Al vanaf de eerste keer dat ik op wintersport ging, in 2003, was ik onder de indruk van de pasjes die naar de skidorpen leiden. Het eerste pasje dat ik tegenkwam in 2003 was het weggetje naar Risoul 1850. Vanuit een vervelende luxe touringcar bedacht ik mezelf hoe mooi het zou zijn om via al deze haarspeldbochten de berg op te rijden. Zomer 2005 was het dan eindelijk zo ver. Ik was alleen op vakantie op mijn Kawasaki ZZR 600 op Le Camping Moto nabij Crest. Ik had op papier, een gps bezat ik nog niet, een route uitgeschreven om zo een bezoek te kunnen brengen aan Risoul 1850. De weg ernaartoe was geweldig en de beklimming van het pasje vond ik super. In de jaren die er op volgden ging ik regelmatig met een vriendengroep op wintersport naar Val Thorens. Deze bijna 40 km lange pas bekeek ik voor het eerst ook vanuit een touringcar en vervolgens enkele malen vanuit diverse auto’s. In 2008 was ik met de motorvereniging een week op vakantie in Oz-en-Oisans en besloot een bezoekje te gaan brengen aan Val Thorens op mijn ZZR. Ondanks dat het miezerde wilde ik toch een keer die berg opgereden zijn met mijn ZZR. Ik had het idee in mijn kop dat ik op den duur wel boven de wolken zou zitten en geen miezer meer tegen zou komen. Na een lange tocht kwam ik eindelijk aan in Val Thorens en het was een erg mistroostige bedoeling. Op mijn ZZR reed ik tot aan restaurant “mes en vork” en verder kon ik niet komen omdat het een grote bende was en een ZZR er niet op gebouwd is.

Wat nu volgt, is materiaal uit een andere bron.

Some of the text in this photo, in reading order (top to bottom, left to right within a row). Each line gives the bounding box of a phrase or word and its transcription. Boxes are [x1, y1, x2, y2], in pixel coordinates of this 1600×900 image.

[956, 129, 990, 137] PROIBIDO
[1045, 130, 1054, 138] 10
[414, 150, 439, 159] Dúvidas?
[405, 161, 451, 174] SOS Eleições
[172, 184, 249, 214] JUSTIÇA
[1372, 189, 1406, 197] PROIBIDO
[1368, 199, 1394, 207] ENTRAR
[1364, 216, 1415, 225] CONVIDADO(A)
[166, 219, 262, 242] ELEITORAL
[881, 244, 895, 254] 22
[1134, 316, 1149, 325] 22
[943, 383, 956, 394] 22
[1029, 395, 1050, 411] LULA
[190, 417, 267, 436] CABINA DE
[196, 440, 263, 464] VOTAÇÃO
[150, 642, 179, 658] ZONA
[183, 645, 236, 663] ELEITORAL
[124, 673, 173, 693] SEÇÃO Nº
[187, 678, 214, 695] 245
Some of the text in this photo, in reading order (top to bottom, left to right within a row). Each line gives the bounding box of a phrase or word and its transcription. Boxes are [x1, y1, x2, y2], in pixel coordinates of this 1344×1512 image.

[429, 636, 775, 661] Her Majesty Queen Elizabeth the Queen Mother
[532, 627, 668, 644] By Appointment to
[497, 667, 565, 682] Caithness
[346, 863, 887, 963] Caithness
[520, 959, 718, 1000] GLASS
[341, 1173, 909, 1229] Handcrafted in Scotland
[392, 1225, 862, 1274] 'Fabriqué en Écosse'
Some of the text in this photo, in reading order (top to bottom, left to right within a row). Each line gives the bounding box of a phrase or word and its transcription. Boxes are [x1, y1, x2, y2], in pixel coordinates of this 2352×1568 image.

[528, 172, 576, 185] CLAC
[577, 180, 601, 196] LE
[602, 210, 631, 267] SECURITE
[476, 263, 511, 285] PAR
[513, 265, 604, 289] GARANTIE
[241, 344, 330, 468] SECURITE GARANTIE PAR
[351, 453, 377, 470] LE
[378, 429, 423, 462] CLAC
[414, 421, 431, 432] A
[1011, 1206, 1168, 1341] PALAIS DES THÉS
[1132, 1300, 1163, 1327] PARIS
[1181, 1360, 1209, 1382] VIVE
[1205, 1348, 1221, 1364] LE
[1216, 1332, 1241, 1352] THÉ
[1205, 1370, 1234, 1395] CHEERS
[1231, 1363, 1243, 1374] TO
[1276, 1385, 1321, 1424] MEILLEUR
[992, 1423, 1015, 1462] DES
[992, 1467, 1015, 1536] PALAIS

Met het oog op komende wintersport 2012, wanneer we met de motor naar Val Thorens willen gaan, wilden we even met goed weer een kijkje gaan nemen in val Thorens. De pas omhoog had ik immers alleen met slecht weer gereden en een bezoekje aan Val Thorens met goed weer leek ons wel erg leuk. Voornamelijk om eens te zien hoe alles er in de zomer uitziet als er geen sneeuw ligt. Zomer was het al lang officieel niet meer, het weer was er echter niet minder om! Ook wilden we eens kijken hoe ver we de berg op konden komen. Als je via Google maps intikt dat je vanuit Val Thorens naar Orelle, in het volgende dal, wilt dan stuurt Google je over de top heen die op 3000 meter hoogte ligt en slechts bereikbaar is via onverharde weggetjes!
Vanuit Challes-les-Eaux namen we de Péage tot aan Albertville en daarna de N90 tot aan Moûtiers. In Moûtiers reden we de pas op en slingerden we via St-Martin-de-Belleville en Les Menuires naar val Thorens toe. Wat ons gelijk opviel was dat de toppen van de bergen redelijk aan de witte kant waren. Met de motor over de top heen rijden zou dus onmogelijk zijn…. bedacht ik mezelf.
De gondeltjes van Les Menuires
Witte toppen... dat gaat nooooit lukken...
Na een bezoekje aan een gesloten “Snowcafé” en een gesloten “Le Monde” reden we de winkelstraat in om een kijkje te nemen bij het hotel waar we de afgelopen jaren gelogeerd hadden. Natuurlijk was ook dit gesloten. Het Centre Sportif was wel geopend. Echter binnen was het een zwaar deprimerende bedoeling. Snel weer terug naar buiten waar de zon de herfst geheel deed vergeten.
Het Snowcafé
Le Monde
We besloten toch maar een stukje de piste op te rijden om te kijken hoe ver we zouden kunnen komen. Via de liftingangen “Morraine” en “Portette” reden we de groene piste “Deux Lacs” op.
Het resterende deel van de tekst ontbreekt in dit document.